段正淳一愣,從沒聽說蕭幫主是書畫愛好者,怎麽突然向他求字呢?
內心雖然疑惑,但是也不以為然。
“好,既然蕭幫主想看,我段某就獻醜了。”
阮星竹當即在桌子上鋪上紙,拿了筆墨給段正淳。
段正淳提著毛筆,略一思考,沾滿墨汁,在紙上揮毫。
段正淳平時頗有些才華,喜歡詩詞書畫,手中筆走遊龍,一氣呵成。
“哈哈,蕭幫主,獻醜了。”
蕭峰一看,
“含羞倚醉不成歌,纖手掩香羅。偎花映燭,偷傳深意,酒思入橫波。看朱成碧心迷亂,翻脈脈,斂雙蛾。相見時稀隔別多。又春盡,奈悉何?”
蕭峰對詩詞並不在行,只是大概懂得一些字面意思。
一旁的阮星竹則是一臉癡情,驚喜地看著段正淳。
這首詞正是年輕的時候段正淳寫給她的,想不到二十年之後,段正淳還能記得,怎能不讓她感動。
蕭峰仔細看了一遍,突然腦海靈光一閃,口中默默念道,
“不對,不對啊!”
段正淳一愣,
“蕭幫主覺得有何不對?”
蕭峰長籲一口氣,對段正淳抱拳道:
“段王爺,我差點誤會你了,今晚的約會取消了,您不用去了。
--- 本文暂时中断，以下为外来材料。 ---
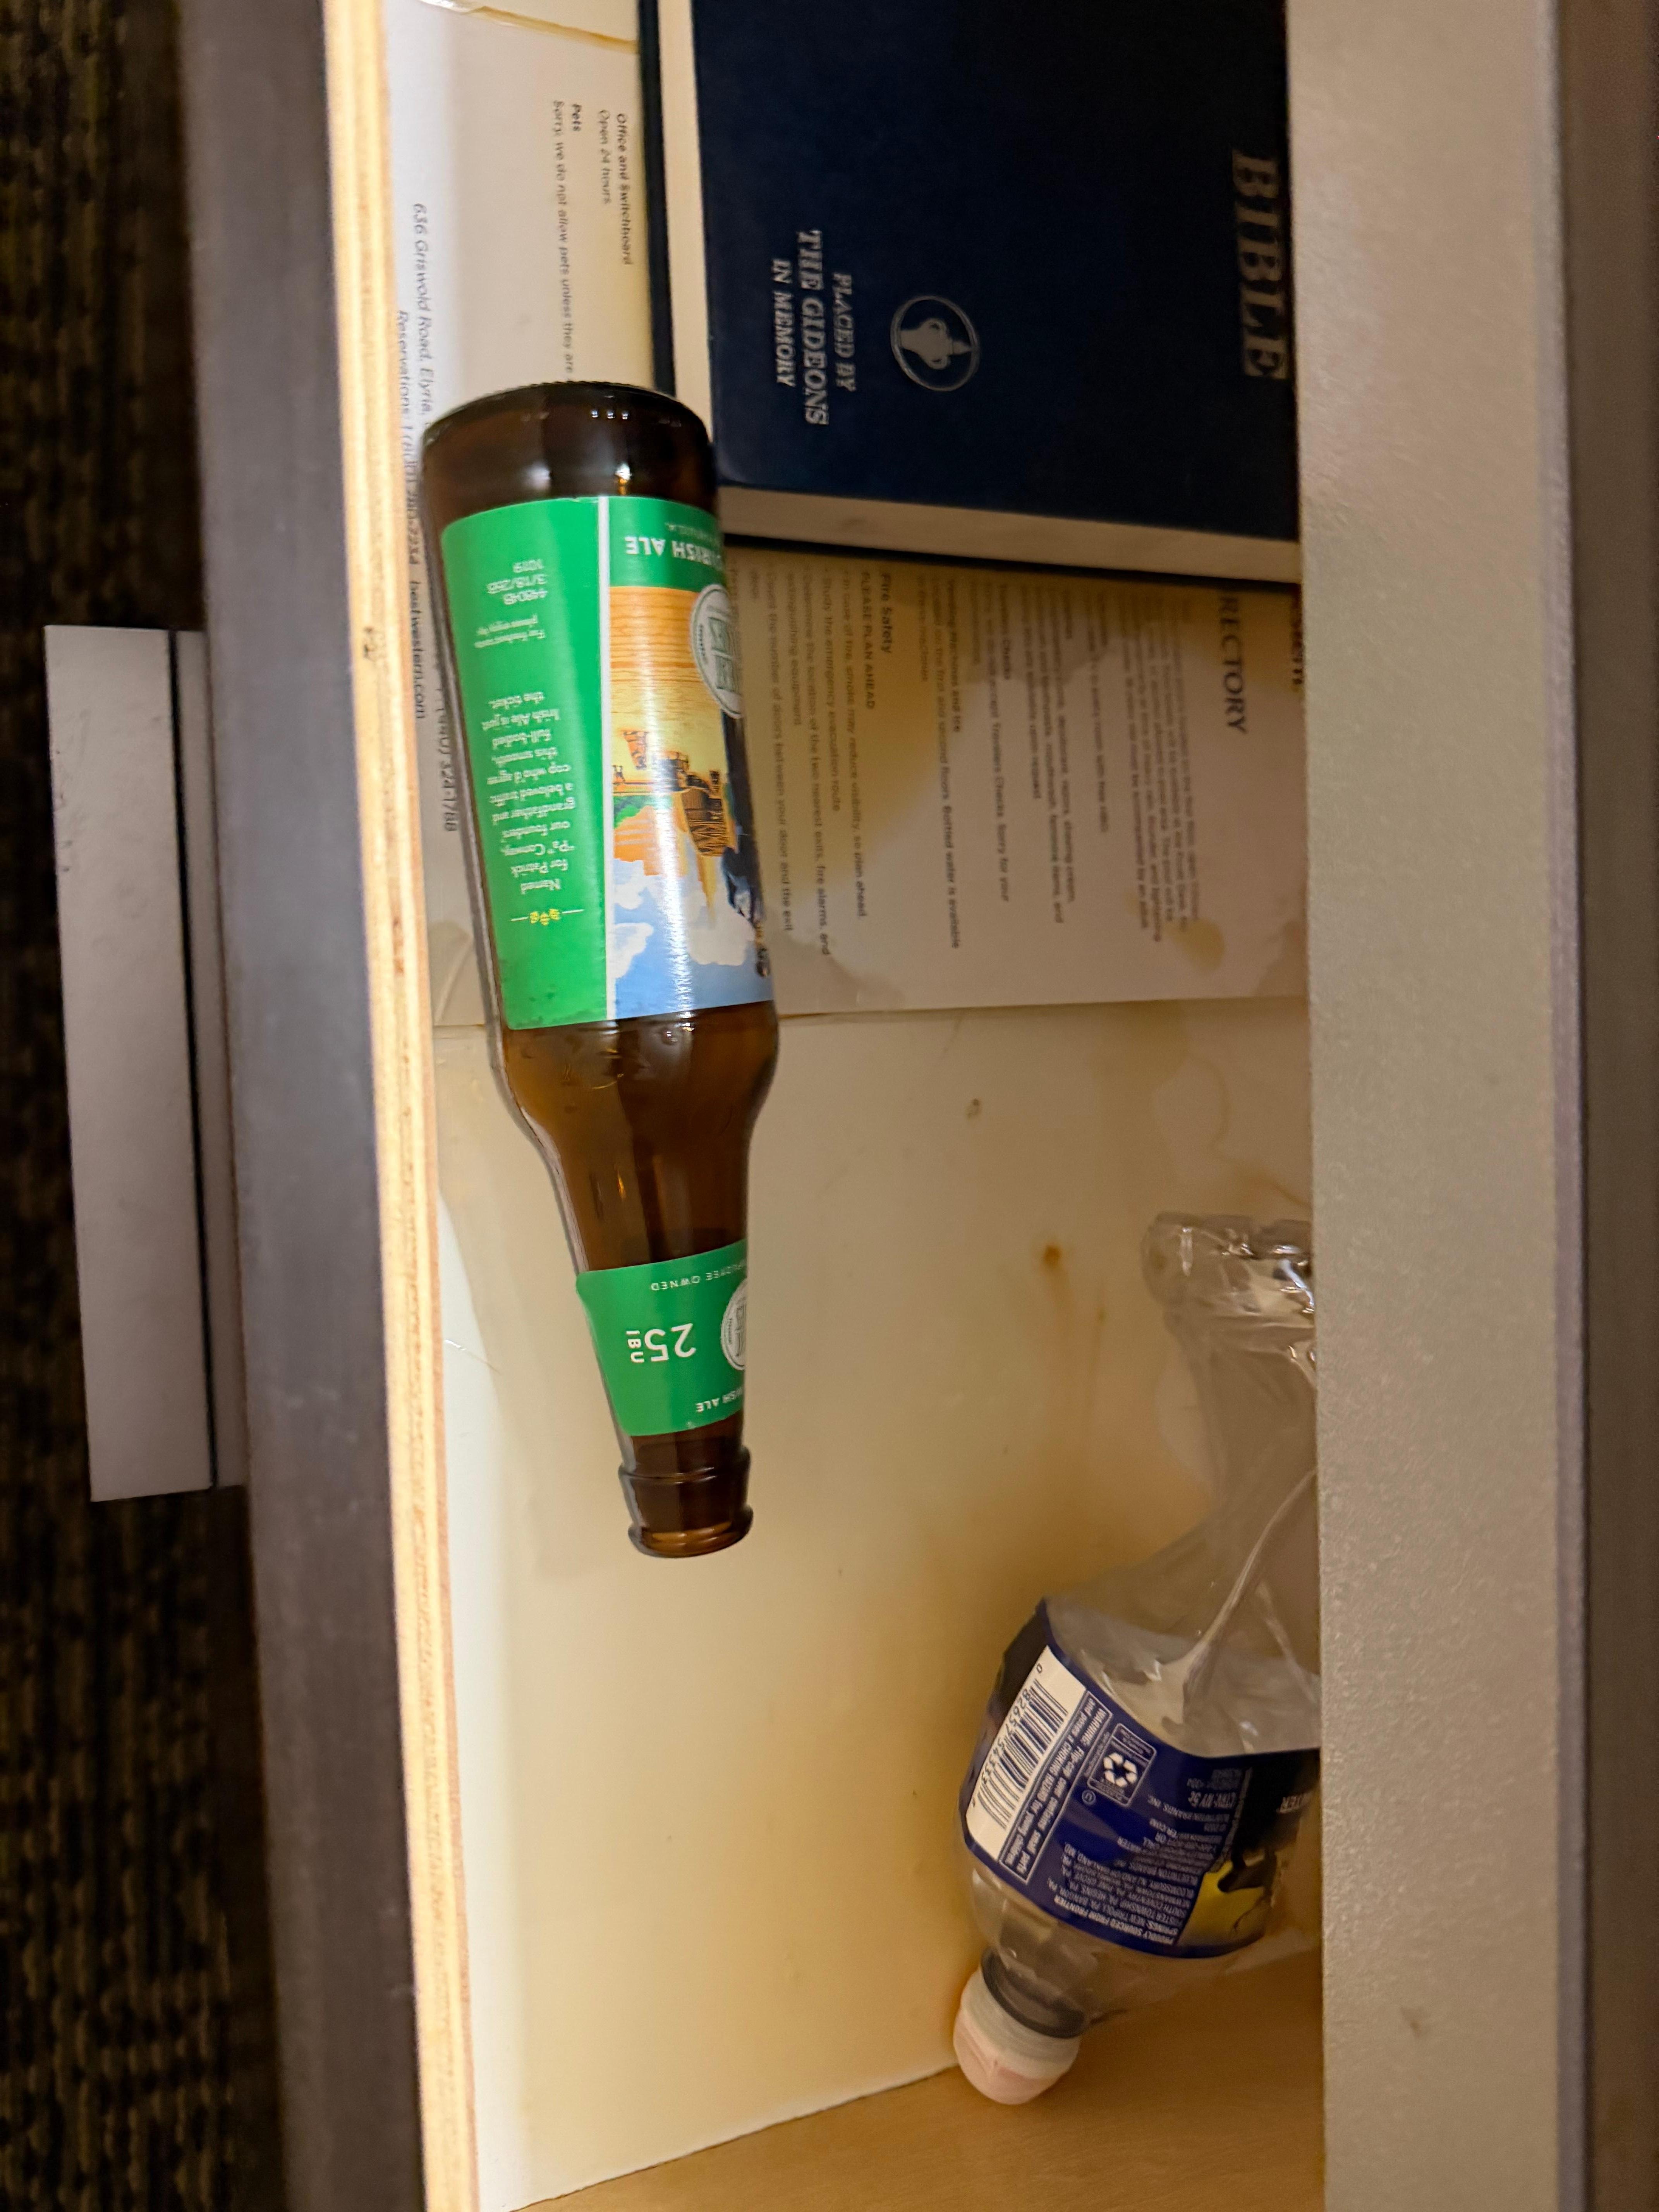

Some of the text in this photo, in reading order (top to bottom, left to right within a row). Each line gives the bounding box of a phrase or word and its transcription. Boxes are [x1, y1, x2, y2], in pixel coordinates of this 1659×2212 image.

[570, 103, 583, 132] Pets
[554, 142, 565, 160] we
[597, 110, 612, 204] Open 24 hours
[556, 164, 567, 181] do
[556, 184, 568, 205] not
[616, 113, 632, 265] Office and Switchboard
[412, 203, 428, 235] 636
[557, 210, 570, 242] allow
[558, 246, 571, 275] pets
[1231, 146, 1290, 380] BIBLE
[414, 240, 431, 312] Griswold
[561, 278, 574, 318] unless
[769, 257, 799, 388] IN MEMORY
[795, 229, 831, 426] THE GIDEONS
[830, 272, 858, 393] PLACED BY
[561, 323, 575, 349] they
[565, 354, 575, 373] are
[625, 536, 665, 557] ALE
[878, 574, 895, 654] Fire Safety
[409, 581, 428, 720] bestwestern.com
[860, 572, 876, 710] PLEASE PLAN AHEAD
[1218, 595, 1249, 736] RECTORY
[522, 691, 545, 705] the
[500, 716, 510, 728] is
[510, 713, 531, 726] Ale
[531, 708, 559, 723] Irish
[491, 728, 551, 750] full-bodied
[534, 746, 557, 761] this
[848, 737, 860, 778] reduce
[547, 760, 572, 774] cop
[519, 784, 563, 802] beloved
[564, 782, 573, 791] a
[491, 797, 576, 825] grandfather and
[549, 821, 570, 830] our
[510, 858, 568, 878] for Patrick
[853, 852, 864, 878] plan
[520, 878, 561, 895] Named
[649, 1274, 701, 1291] OWNED
[625, 1328, 644, 1364] IBU
[642, 1322, 697, 1362] 25
[694, 1397, 721, 1412] ALE
[1082, 1697, 1098, 1716] and
[1068, 1711, 1089, 1737] poses
[1079, 1707, 1108, 1748] WARNING:
[1047, 1741, 1074, 1777] CHOKING
[1061, 1745, 1086, 1779] Flip-cap
[1034, 1772, 1057, 1802] HAZARD
[1028, 1799, 1043, 1815] for
[1034, 1796, 1060, 1831] contains
[1015, 1810, 1036, 1836] young
[1024, 1830, 1044, 1854] small
[1014, 1851, 1033, 1874] parts
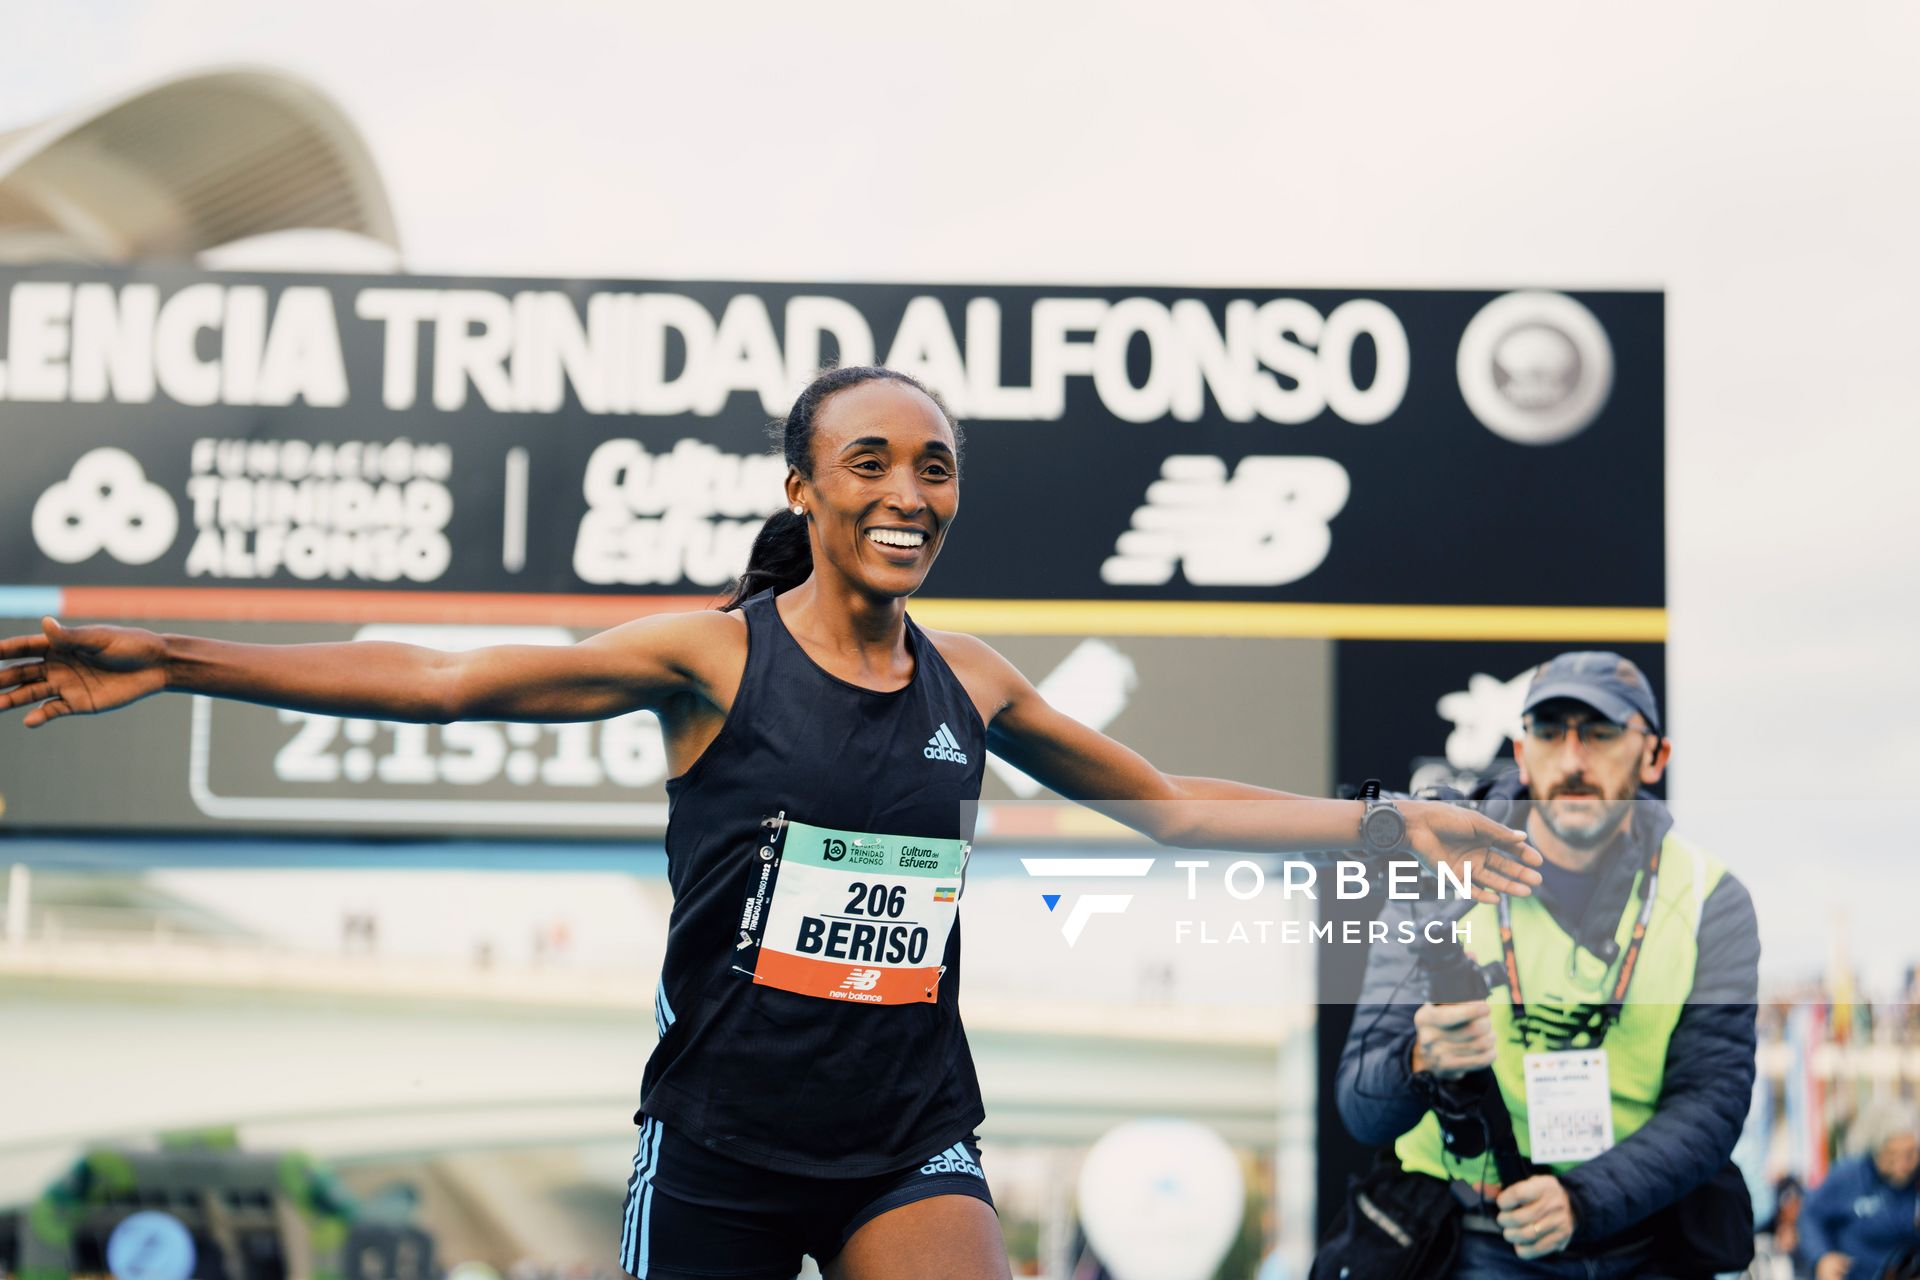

”
“剛才蕭幫主不是已經派了阿朱過來告訴我了嗎?”
“阿朱?”
“對啊,阿朱姐姐剛才來過了,還說你取消了和我父親晚上的約會,
唉,蕭大哥,這大晚上的,月光那麽美好,你和我父親兩個男人約什麽會啊,不應該是你和阿朱姐姐約會嗎?嘻嘻!”
“阿紫!”
阮星竹瞪了阿紫一眼。
蕭峰轉身欲走,突然站住,問道:
“段王爺,我白天問您是否在二十年前做了一件傷害他人,令得一個孩子失去父母親人的事情,您為什麽回答是的?”
段正淳聽了,看了一眼阮星竹和阿紫,慚愧地說道:
“二十年前,我不得已離開了星竹,導致她們母女孤苦無依,星竹未婚生子,被師門不容,不得已將孩子送人,
是我害得阿紫從小失去了父母親人,我慚愧啊!”
蕭峰內心咯噔一下,臥槽,一句話沒有說清楚,差點害死人啊!
蕭峰白天當著阿朱的面,隱晦地問段正淳是否在二十年前做了一件錯事,令得一個孩子二十年來失去父母親人,孤苦無依,
蕭峰問的是自己,卻沒有想到段正淳回答的是阿紫。
蕭峰也懶得再解釋什麽,轉身而去。